Recent research has suggested that sleep problems might be a risk factor in developing Alzheimer’s, and in mild cognitive impairment. A new study adds to this gathering evidence by connecting reduced slow-wave sleep in older adults to brain atrophy and poorer learning.

The study involved 18 healthy young adults (mostly in their 20s) and 15 healthy older adults (mostly in their 70s). Participants learned 120 word- nonsense word pairs and were tested for recognition before going to bed. Their brain activity was recorded while they slept. Brain activity was also measured in the morning, when they were tested again on the word pairs.
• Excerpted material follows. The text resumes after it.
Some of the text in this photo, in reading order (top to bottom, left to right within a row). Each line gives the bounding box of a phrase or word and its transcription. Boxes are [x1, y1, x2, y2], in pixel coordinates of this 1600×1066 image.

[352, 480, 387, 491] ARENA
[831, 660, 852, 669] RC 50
As has been found previously, older adults showed markedly less slow-wave activity (both over the whole brain and specifically in the prefrontal cortex) than the younger adults. Again, as in previous studies, the biggest difference between young and older adults in terms of gray matter volume was found in the medial prefrontal cortex (mPFC). Moreover, significant differences were also found in the insula and posterior cingulate cortex. These regions, like the mPFC, have also been associated with the generation of slow waves.

When mPFC volume was taken into account, age no longer significantly predicted the extent of the decline in slow-wave activity — in other words, the decline in slow-wave activity appears to be due to the brain atrophy in the medial prefrontal cortex. Atrophy in other regions of the brain (precuneus, hippocampus, temporal lobe) was not associated with the decline in slow-wave activity when age was considered.
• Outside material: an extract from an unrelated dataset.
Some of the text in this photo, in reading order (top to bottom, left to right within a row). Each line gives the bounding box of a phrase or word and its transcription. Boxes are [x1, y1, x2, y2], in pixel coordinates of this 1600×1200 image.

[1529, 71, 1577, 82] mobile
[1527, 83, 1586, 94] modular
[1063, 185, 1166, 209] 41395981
Older adults did significantly worse on the delayed recognition test than young adults. Performance on the immediate test did not predict performance on the delayed test. Moreover, the highest performers on the immediate test among the older adults performed at the same level as the lowest young adult performers — nevertheless, these older adults did worse the following day.
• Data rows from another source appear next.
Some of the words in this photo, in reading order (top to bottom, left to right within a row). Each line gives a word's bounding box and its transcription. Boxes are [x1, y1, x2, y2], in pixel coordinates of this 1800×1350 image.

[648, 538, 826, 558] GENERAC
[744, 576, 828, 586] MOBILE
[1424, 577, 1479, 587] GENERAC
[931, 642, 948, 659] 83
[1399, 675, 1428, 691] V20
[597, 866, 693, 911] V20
Slow-wave activity during sleep was significantly associated with performance on the next day’s test. Moreover, when slow-wave activity was taken into account, neither age nor mPFC atrophy significantly predicted test performance.

In other words, age relates to shrinkage of the prefrontal cortex, this shrinkage relates to a decline in slow-wave activity during sleep, and this decline in slow-wave sleep relates to poorer cognitive performance.

The findings confirm the importance of slow-wave brainwaves for memory consolidation.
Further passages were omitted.